> **Your assignment**
Could you output only the lines from the one containing "this 2352×1568 image." through the last line of the data, both included?

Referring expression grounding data
+--

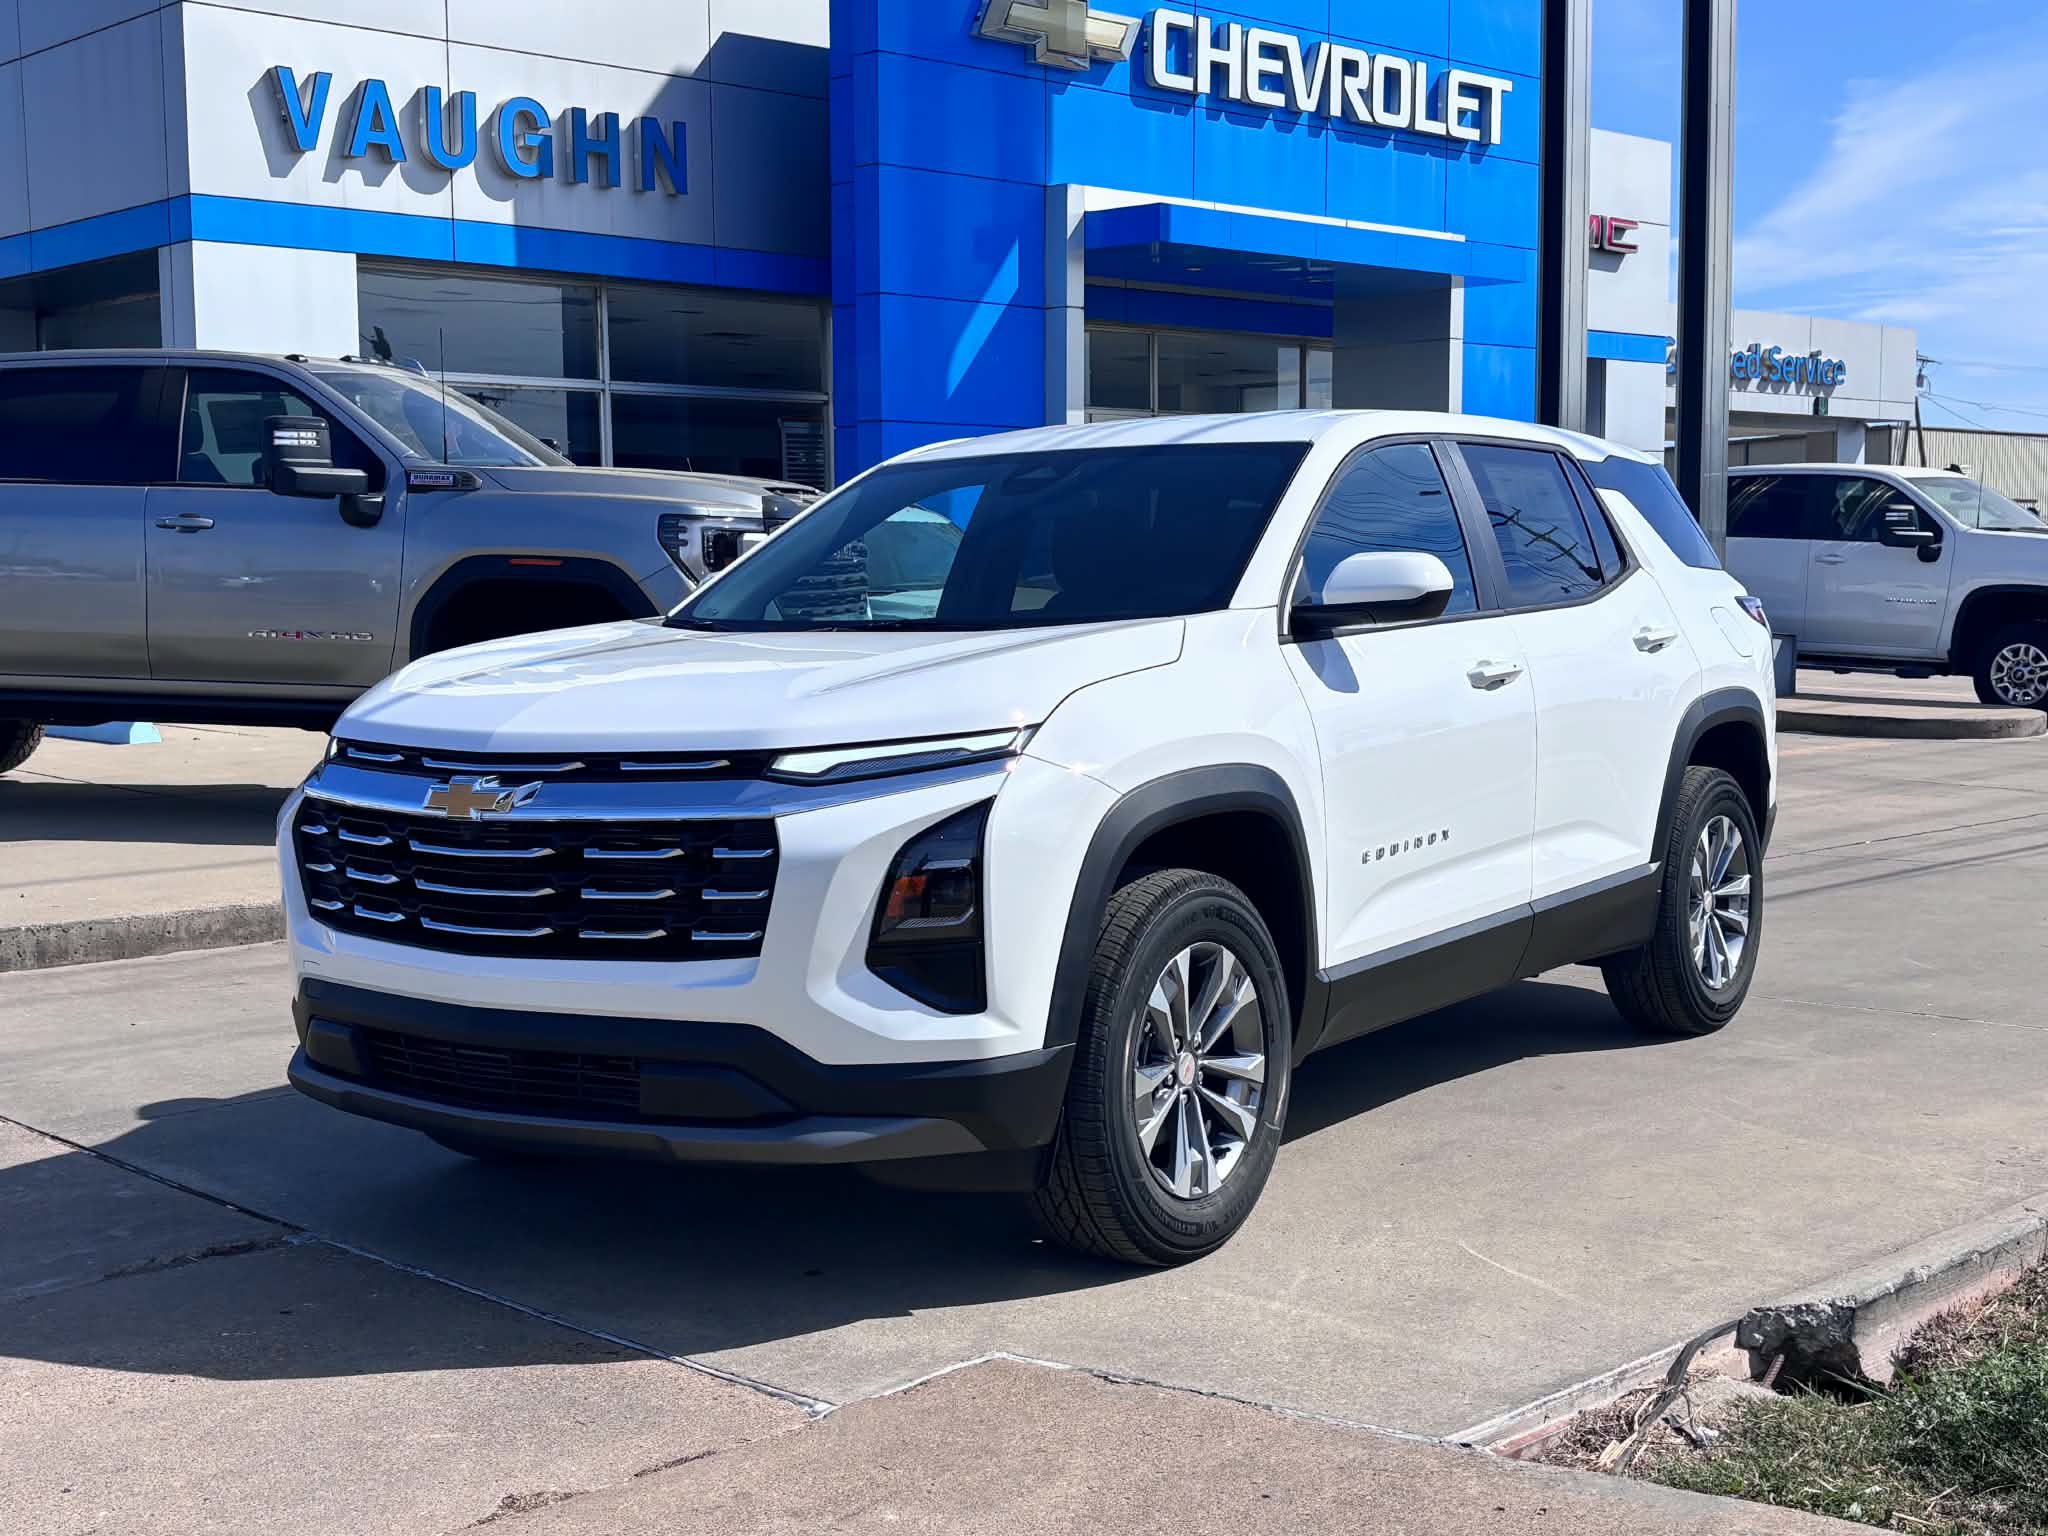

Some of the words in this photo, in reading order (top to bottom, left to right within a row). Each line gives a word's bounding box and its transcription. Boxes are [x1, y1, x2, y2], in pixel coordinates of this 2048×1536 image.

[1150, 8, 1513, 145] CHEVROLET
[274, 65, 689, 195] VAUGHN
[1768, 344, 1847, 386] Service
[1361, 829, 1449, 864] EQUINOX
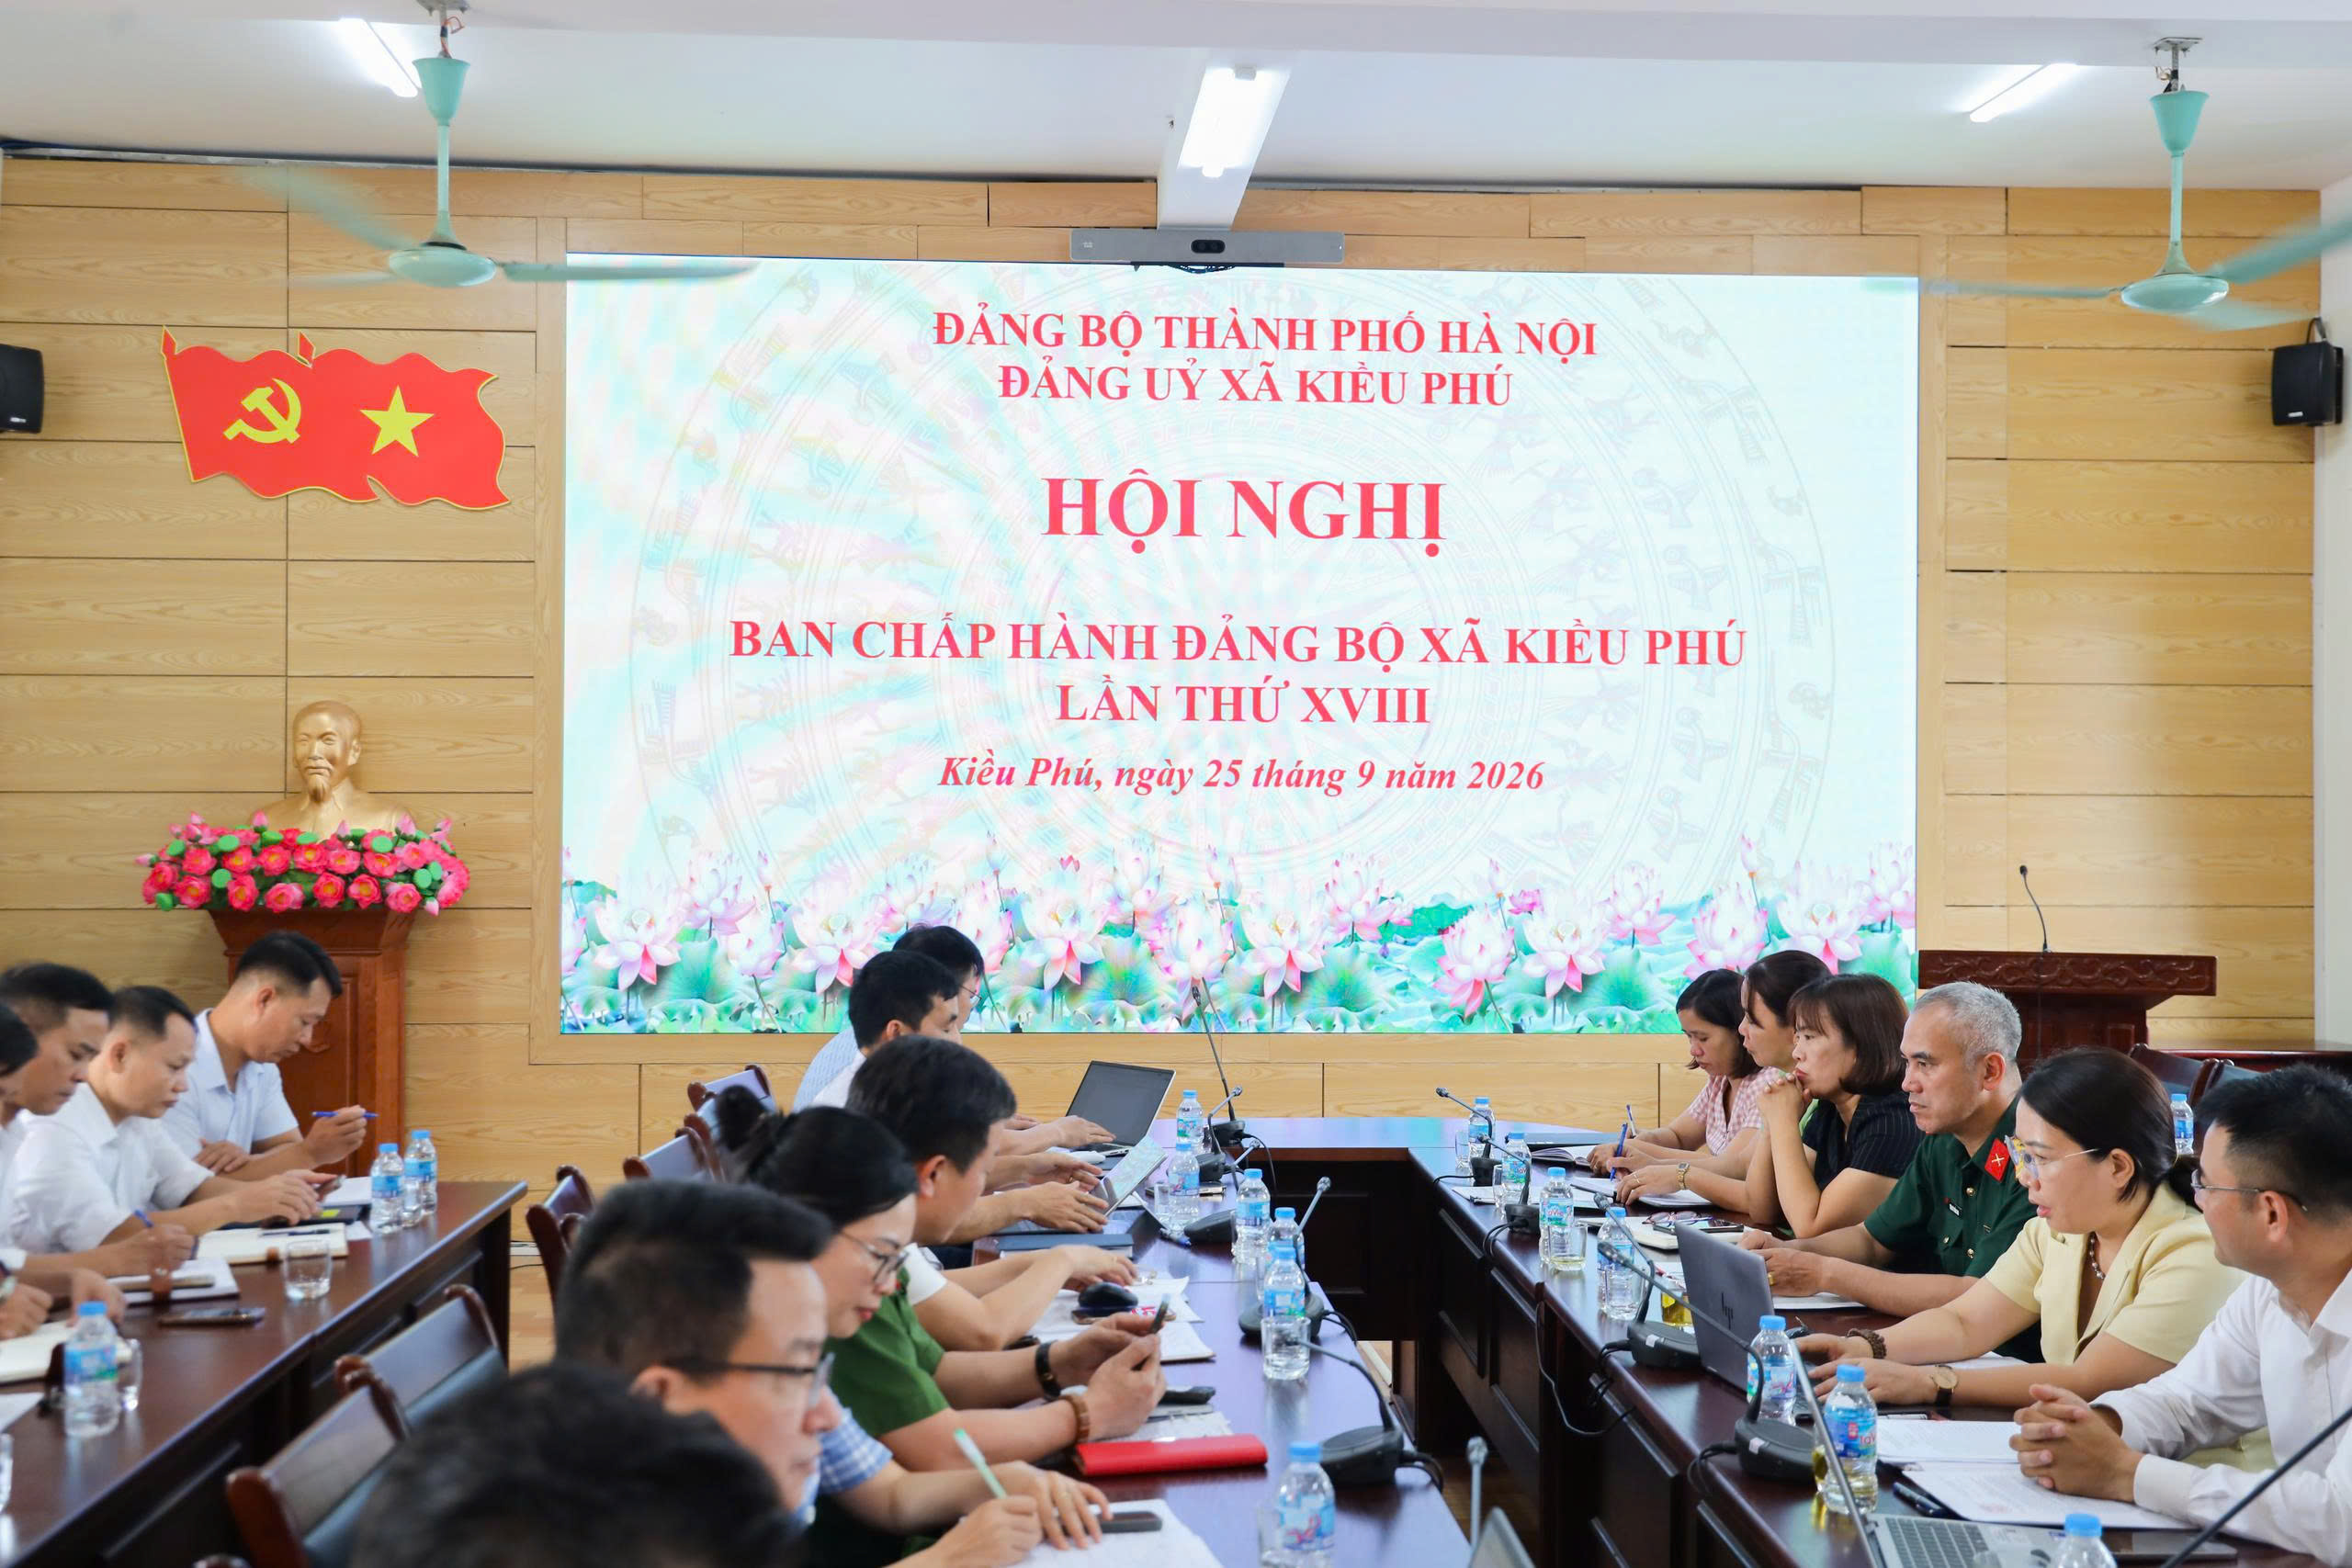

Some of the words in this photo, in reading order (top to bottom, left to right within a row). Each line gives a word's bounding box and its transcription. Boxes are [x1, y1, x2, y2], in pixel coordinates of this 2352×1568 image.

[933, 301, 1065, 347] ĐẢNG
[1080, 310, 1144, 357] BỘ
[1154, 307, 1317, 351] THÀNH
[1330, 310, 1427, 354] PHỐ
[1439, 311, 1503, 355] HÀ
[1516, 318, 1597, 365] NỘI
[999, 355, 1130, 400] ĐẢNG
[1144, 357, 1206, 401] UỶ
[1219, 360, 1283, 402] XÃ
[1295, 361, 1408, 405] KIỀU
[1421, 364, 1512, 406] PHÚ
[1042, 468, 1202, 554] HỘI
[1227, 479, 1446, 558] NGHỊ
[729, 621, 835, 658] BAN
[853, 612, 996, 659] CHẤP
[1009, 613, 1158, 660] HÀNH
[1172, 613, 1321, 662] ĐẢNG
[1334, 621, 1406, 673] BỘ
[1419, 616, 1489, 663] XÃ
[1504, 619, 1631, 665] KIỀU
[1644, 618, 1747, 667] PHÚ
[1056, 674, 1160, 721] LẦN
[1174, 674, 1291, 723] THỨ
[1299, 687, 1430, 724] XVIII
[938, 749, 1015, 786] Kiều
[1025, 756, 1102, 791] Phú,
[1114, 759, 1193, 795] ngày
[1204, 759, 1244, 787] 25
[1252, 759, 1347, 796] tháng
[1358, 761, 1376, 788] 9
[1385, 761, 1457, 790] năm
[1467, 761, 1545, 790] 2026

+--

> **Result of the task**
Some of the words in this photo, in reading order (top to bottom, left to right within a row). Each line gives a word's bounding box and its transcription. Boxes are [x1, y1, x2, y2], in pixel coordinates of this 2352×1568 image.

[933, 301, 1065, 347] ĐẢNG
[1080, 310, 1144, 357] BỘ
[1154, 307, 1317, 351] THÀNH
[1330, 310, 1427, 354] PHỐ
[1439, 311, 1503, 355] HÀ
[1516, 318, 1597, 365] NỘI
[999, 355, 1130, 400] ĐẢNG
[1144, 357, 1206, 401] UỶ
[1219, 360, 1283, 402] XÃ
[1295, 361, 1408, 405] KIỀU
[1421, 364, 1512, 406] PHÚ
[1042, 468, 1202, 554] HỘI
[1227, 479, 1446, 558] NGHỊ
[729, 621, 835, 658] BAN
[853, 612, 996, 659] CHẤP
[1009, 613, 1158, 660] HÀNH
[1172, 613, 1321, 662] ĐẢNG
[1334, 621, 1406, 673] BỘ
[1419, 616, 1489, 663] XÃ
[1504, 619, 1631, 665] KIỀU
[1644, 618, 1747, 667] PHÚ
[1056, 674, 1160, 721] LẦN
[1174, 674, 1291, 723] THỨ
[1299, 687, 1430, 724] XVIII
[938, 749, 1015, 786] Kiều
[1025, 756, 1102, 791] Phú,
[1114, 759, 1193, 795] ngày
[1204, 759, 1244, 787] 25
[1252, 759, 1347, 796] tháng
[1358, 761, 1376, 788] 9
[1385, 761, 1457, 790] năm
[1467, 761, 1545, 790] 2026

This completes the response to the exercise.